Il convient de rappeler que lorsque la procédure se situe dans le cadre des articles précités et concerne une demande de troisième ou de quatrième prorogation exceptionnelle du placement en rétention administrative :
- Il n'existe aucune obligation de justification d'une arrivée à "bref délai" des documents et titres en attente pour exécuter l'éloignement dès lors que l'étranger a fait obstruction à la mesure d'éloignement, dans les 15 jours précédents la demande, notamment par des demandes dilatoires d'asile ou de protection.
- En revanche, lorsqu'aucune obstruction ne peut être invoquée à l'encontre de l'étranger, une troisième prorogation exceptionnelle du placement en rétention administrative ne peut être ordonnée que si l'administration française est en mesure de justifier que les obstacles administratifs à la mise en œuvre de l'éloignement peuvent être levés " à bref délai".
- Le texte n'exige pas, pour la troisième prolongation, que la circonstance prévue par son septième aliéna corresponde à des faits commis dans les 15 derniers jours de la période précédente.
L'obstruction est constituée par tout acte matériel effectué par action ou par omission dans le seul but d'éviter l'exécution de l'éloignement.
Ainsi le fait de donner ou de maintenir une identité ou une nationalité fausse de manière à éviter la délivrance d'un laisser passer consulaire constitue un acte d'obstruction continue relevant de l'article L.742-5 1° du code de l'entrée et du séjour des étrangers et du droit d'asile.
Constitue également une obstruction au sens de l'article L.742-5 1° du Code de l'entrée et du séjour des étrangers et du droit d'asile le fait de refuser d'embarquer à destination du pays d'éloignement.
Lorsqu'aucune obstruction ne peut être invoquée à l'encontre de l'étranger comme c’est le cas en l’espèce puisque l’obstruction relevée par l’autorité préfectorale et antérieure à l’autorisation de prolongation accordée le 12 octobre 2024 et n’est pas intervenue dans le délai des 15 jours fixés par la loi, une prorogation exceptionnelle du placement en rétention administrative ne peut être ordonnée que si l'administration française est en mesure de justifier que les obstacles administratifs à la mise en œuvre de l'éloignement peuvent être levés « à bref délai ».
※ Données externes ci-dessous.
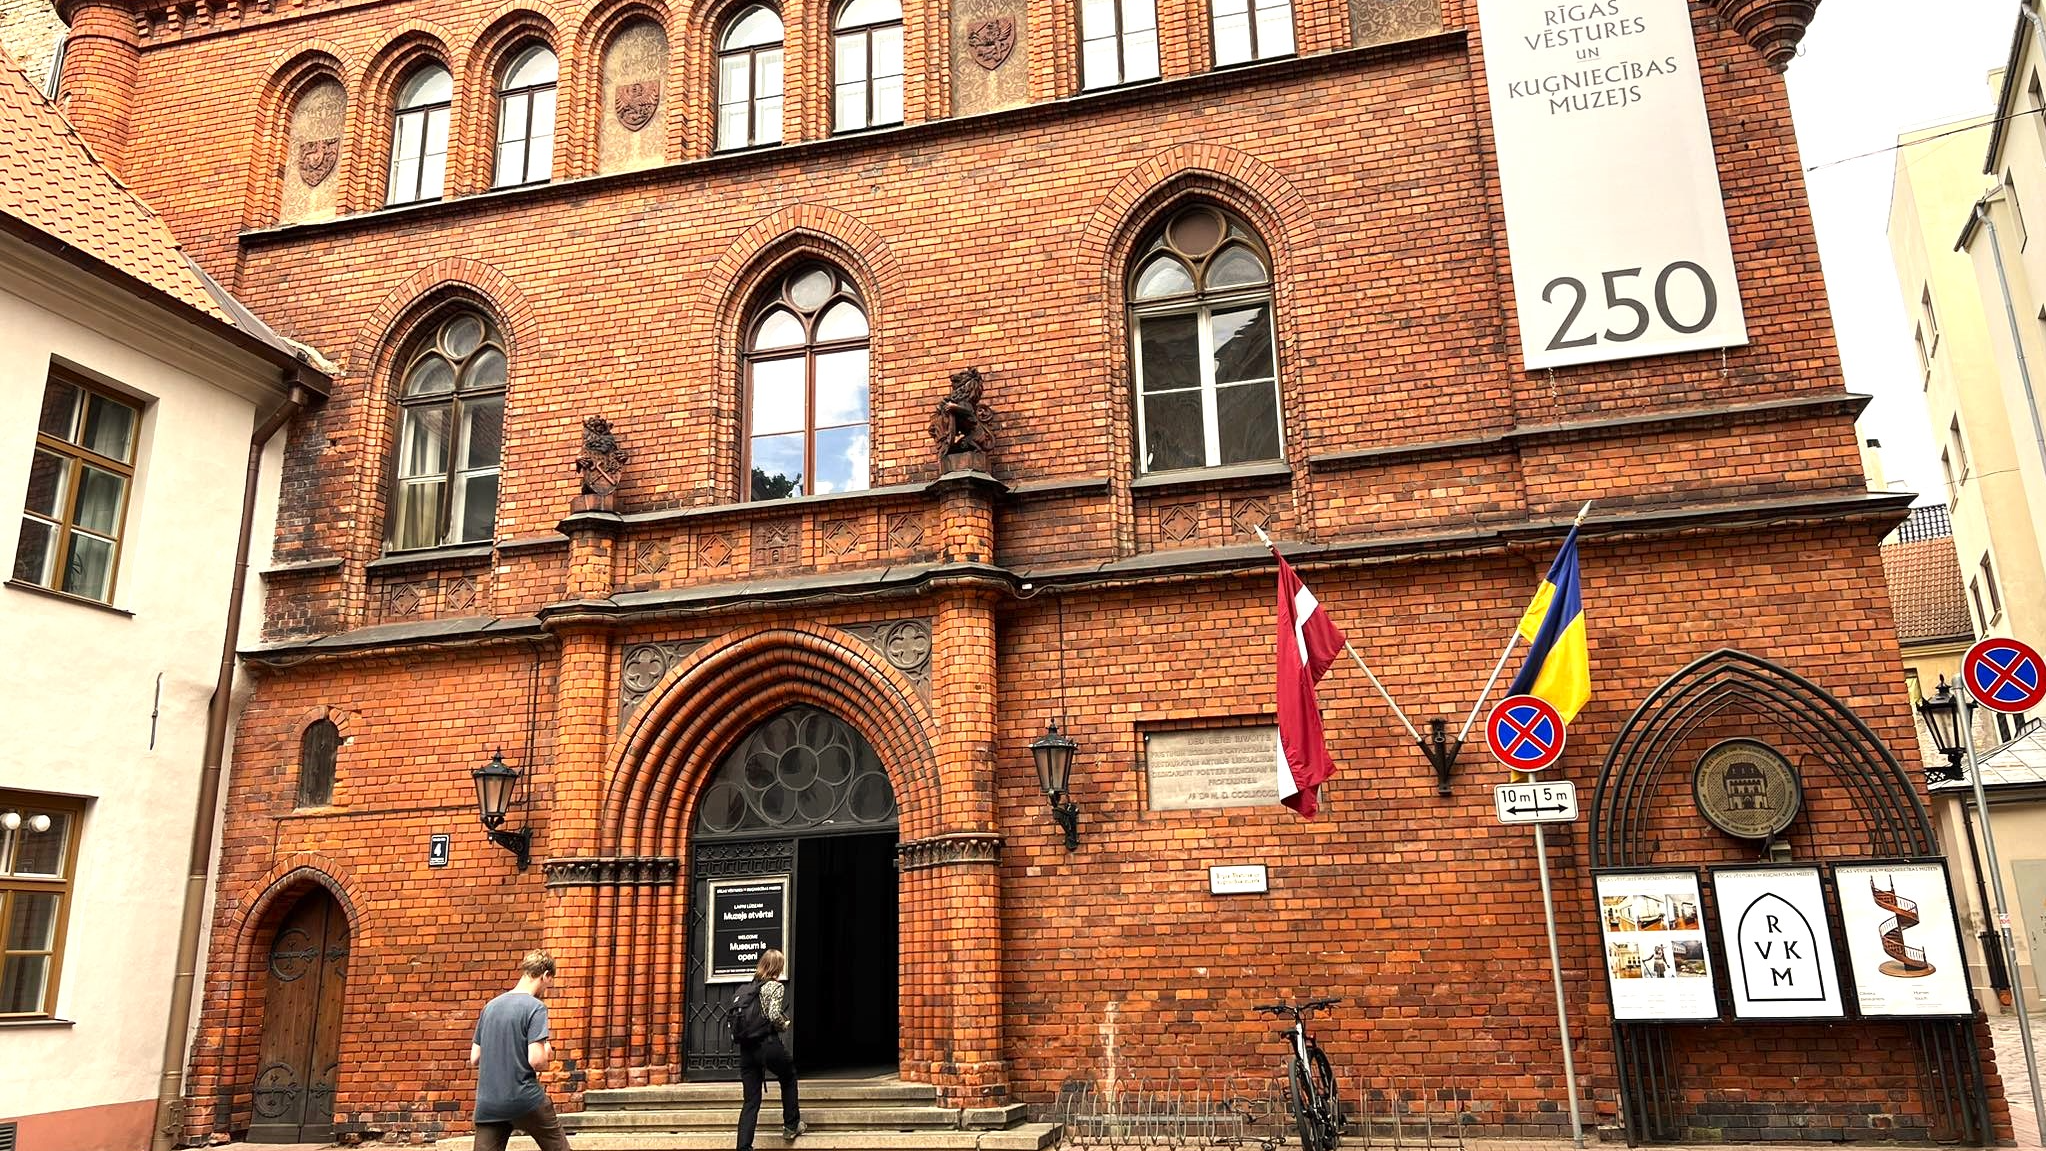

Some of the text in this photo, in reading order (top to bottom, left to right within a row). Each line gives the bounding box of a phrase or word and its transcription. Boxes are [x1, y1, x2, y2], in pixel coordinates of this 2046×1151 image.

[1544, 0, 1619, 26] RĪGAS
[1524, 17, 1646, 50] VĒSTURES
[1576, 47, 1600, 60] UN
[1508, 56, 1678, 99] KUĢNIECĪBAS
[1549, 86, 1642, 115] MUZEJS
[1542, 260, 1718, 351] 250
[1502, 790, 1530, 802] 10 m
[1544, 788, 1567, 800] 5 m
[434, 843, 442, 856] 4
[1766, 914, 1782, 933] R
[730, 942, 760, 950] Museum
[1754, 940, 1802, 960] V K
[1770, 968, 1794, 986] M
En l’espèce, Monsieur [K] s’est opposé à une mesure prise et il a communiqué récemment une nouvelle identité nécessitant de nouvelles diligences caractérisant une obstruction d’autant qu’à l’audience il a redonné l’identité relative à sa nationalité algérienne venant encore une peu plus brouiller les pistes et rendre compliqué les démarches d’identification.
Par conséquent, il sera fait droit à la demande de l’autorité préfectorale.
L’intéressé ne présente pas de garanties suffisantes pour la mise à exécution de la mesure de reconduite à la frontière, des mesures de surveillance sont nécessaires.
Eu égard aux nécessités invoquées par Monsieur le Préfet, il convient d’accorder la prorogation demandée.
PAR CES MOTIFS
AUTORISONS l’autorité administrative à retenir Monsieur [D] [K] dans les locaux ne relevant pas de l’Administration pénitentiaire pour une prolongation de rétention administrative d’une durée maximale de QUINZE JOURS à compter du 27 octobre 2024.
NOTIFIONS sur le champ la présente ordonnance par mail au CRA pour remise à l’intéressé qui, en émargeant ci-après, atteste avoir reçu copie et avisons l’intéressé de la possibilité de faire appel, devant le Premier Président de la Cour d’Appel ou son délégué, de la présente ordonnance dans les vingt quatre heures de son prononcé ; l’informons que la déclaration d’appel doit être motivée et peut être transmise par tout moyen (notamment par mail via la boîte structurelle : [Courriel 2] ) au greffe de la Cour d’Appel de DOUAI (numéro de FAX du greffe de la Cour d’Appel: [XXXXXXXX01]) ; lui indiquons que seul l’appel formé par le ministère public peut être déclaré suspensif par le Premier Président de la Cour d’Appel ou son délégué.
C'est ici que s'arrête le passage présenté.